[What is expected]
Copy each line of the data below exactly, leaving out pictures.

[Records for the exercise Boundary: Start]

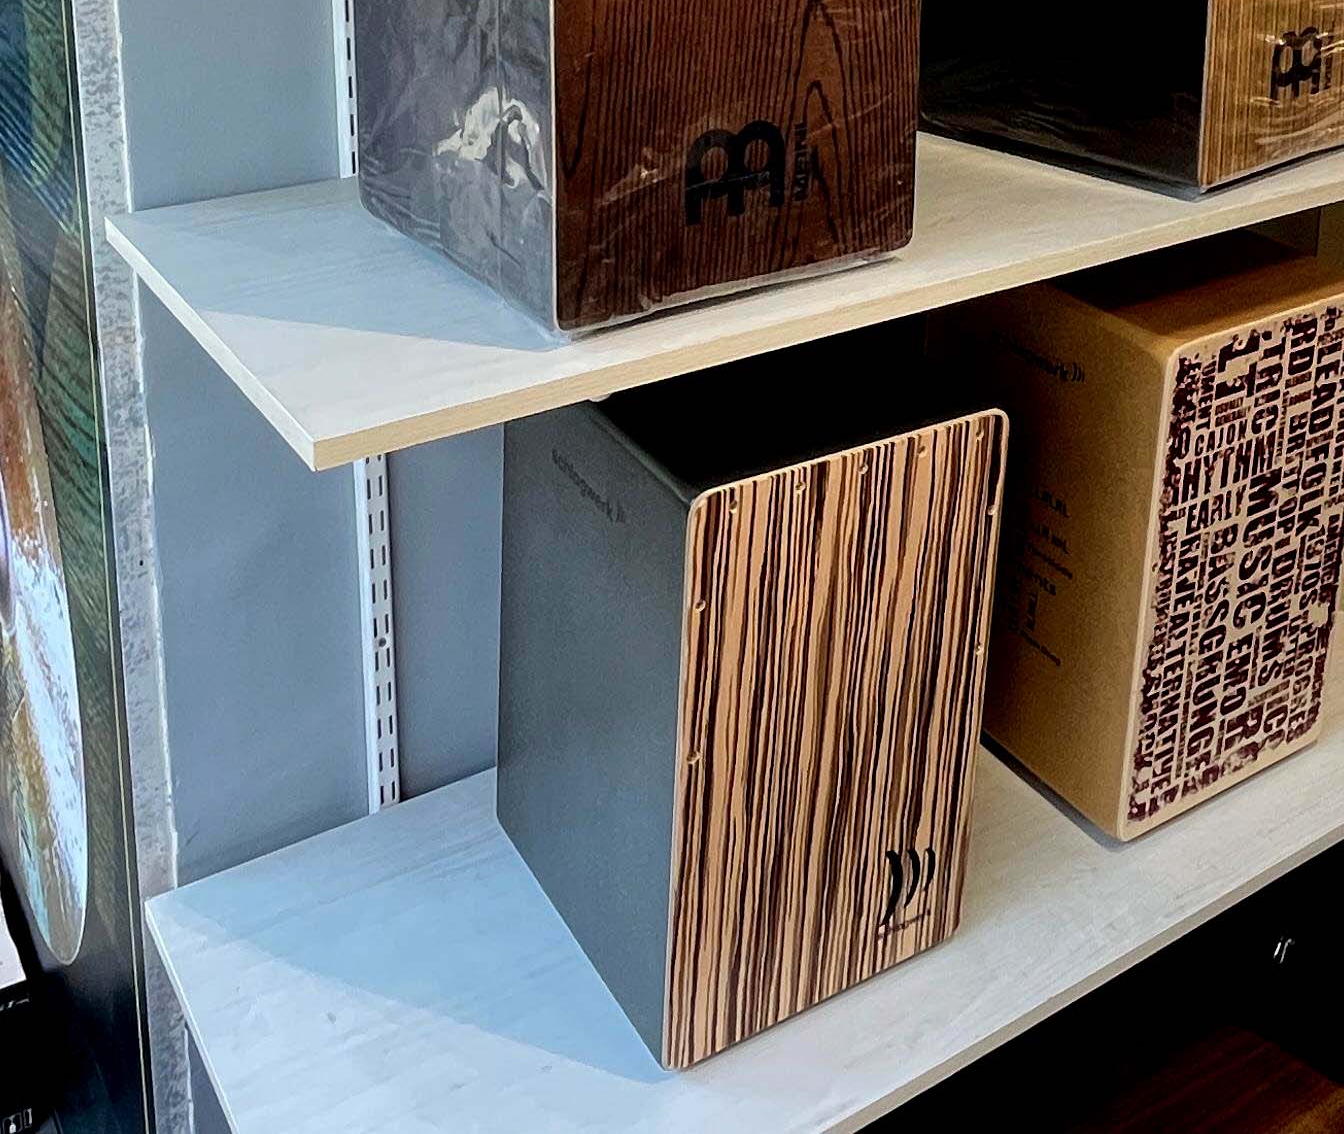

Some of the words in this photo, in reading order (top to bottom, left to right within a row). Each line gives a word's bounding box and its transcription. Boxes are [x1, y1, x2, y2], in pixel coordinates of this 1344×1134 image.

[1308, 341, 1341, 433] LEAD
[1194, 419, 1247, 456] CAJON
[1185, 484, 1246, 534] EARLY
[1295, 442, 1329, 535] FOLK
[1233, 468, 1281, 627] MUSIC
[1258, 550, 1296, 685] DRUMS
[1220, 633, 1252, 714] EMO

[Records for the exercise Boundary: End]

[Result]
Some of the words in this photo, in reading order (top to bottom, left to right within a row). Each line gives a word's bounding box and its transcription. Boxes are [x1, y1, x2, y2], in pixel coordinates of this 1344×1134 image.

[1308, 341, 1341, 433] LEAD
[1194, 419, 1247, 456] CAJON
[1185, 484, 1246, 534] EARLY
[1295, 442, 1329, 535] FOLK
[1233, 468, 1281, 627] MUSIC
[1258, 550, 1296, 685] DRUMS
[1220, 633, 1252, 714] EMO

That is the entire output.